INPUT FOR THIS TASK -
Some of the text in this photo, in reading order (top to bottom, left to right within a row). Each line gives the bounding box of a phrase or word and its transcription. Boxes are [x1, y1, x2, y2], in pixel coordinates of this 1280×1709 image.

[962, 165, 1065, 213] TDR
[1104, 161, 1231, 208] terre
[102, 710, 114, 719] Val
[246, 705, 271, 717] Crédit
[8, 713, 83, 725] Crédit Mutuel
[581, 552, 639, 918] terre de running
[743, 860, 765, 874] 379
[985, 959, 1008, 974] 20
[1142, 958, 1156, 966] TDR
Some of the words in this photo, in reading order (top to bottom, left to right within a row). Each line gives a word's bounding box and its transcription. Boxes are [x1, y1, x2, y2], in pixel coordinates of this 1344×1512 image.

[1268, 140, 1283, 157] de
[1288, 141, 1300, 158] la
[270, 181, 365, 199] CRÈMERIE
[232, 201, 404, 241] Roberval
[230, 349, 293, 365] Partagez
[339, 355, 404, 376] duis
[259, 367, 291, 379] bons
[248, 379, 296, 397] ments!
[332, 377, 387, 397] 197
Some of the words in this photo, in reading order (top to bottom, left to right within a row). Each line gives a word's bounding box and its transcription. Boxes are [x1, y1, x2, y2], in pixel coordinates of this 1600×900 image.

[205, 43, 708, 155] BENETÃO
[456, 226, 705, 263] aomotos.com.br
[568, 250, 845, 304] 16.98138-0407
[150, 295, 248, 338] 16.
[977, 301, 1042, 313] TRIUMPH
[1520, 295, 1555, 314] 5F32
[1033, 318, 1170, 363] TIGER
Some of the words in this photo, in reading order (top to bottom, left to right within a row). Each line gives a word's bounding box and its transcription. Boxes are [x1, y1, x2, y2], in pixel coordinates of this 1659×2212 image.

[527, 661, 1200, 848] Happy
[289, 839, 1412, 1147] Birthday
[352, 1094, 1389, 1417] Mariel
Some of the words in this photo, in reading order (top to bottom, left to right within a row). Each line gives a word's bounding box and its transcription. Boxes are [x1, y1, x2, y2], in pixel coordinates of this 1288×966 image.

WHAT THE EXERCISE ASKS - Your answer should consist of every record, printed exactly as given.

RESULT OF THIS TASK -
Some of the text in this photo, in reading order (top to bottom, left to right within a row). Each line gives the bounding box of a phrase or word and its transcription. Boxes are [x1, y1, x2, y2], in pixel coordinates of this 1280×1709 image.

[962, 165, 1065, 213] TDR
[1104, 161, 1231, 208] terre
[102, 710, 114, 719] Val
[246, 705, 271, 717] Crédit
[8, 713, 83, 725] Crédit Mutuel
[581, 552, 639, 918] terre de running
[743, 860, 765, 874] 379
[985, 959, 1008, 974] 20
[1142, 958, 1156, 966] TDR
Some of the words in this photo, in reading order (top to bottom, left to right within a row). Each line gives a word's bounding box and its transcription. Boxes are [x1, y1, x2, y2], in pixel coordinates of this 1344×1512 image.

[1268, 140, 1283, 157] de
[1288, 141, 1300, 158] la
[270, 181, 365, 199] CRÈMERIE
[232, 201, 404, 241] Roberval
[230, 349, 293, 365] Partagez
[339, 355, 404, 376] duis
[259, 367, 291, 379] bons
[248, 379, 296, 397] ments!
[332, 377, 387, 397] 197
Some of the words in this photo, in reading order (top to bottom, left to right within a row). Each line gives a word's bounding box and its transcription. Boxes are [x1, y1, x2, y2], in pixel coordinates of this 1600×900 image.

[205, 43, 708, 155] BENETÃO
[456, 226, 705, 263] aomotos.com.br
[568, 250, 845, 304] 16.98138-0407
[150, 295, 248, 338] 16.
[977, 301, 1042, 313] TRIUMPH
[1520, 295, 1555, 314] 5F32
[1033, 318, 1170, 363] TIGER
Some of the words in this photo, in reading order (top to bottom, left to right within a row). Each line gives a word's bounding box and its transcription. Boxes are [x1, y1, x2, y2], in pixel coordinates of this 1659×2212 image.

[527, 661, 1200, 848] Happy
[289, 839, 1412, 1147] Birthday
[352, 1094, 1389, 1417] Mariel
Some of the words in this photo, in reading order (top to bottom, left to right within a row). Each line gives a word's bounding box and its transcription. Boxes are [x1, y1, x2, y2], in pixel coordinates of this 1288×966 image.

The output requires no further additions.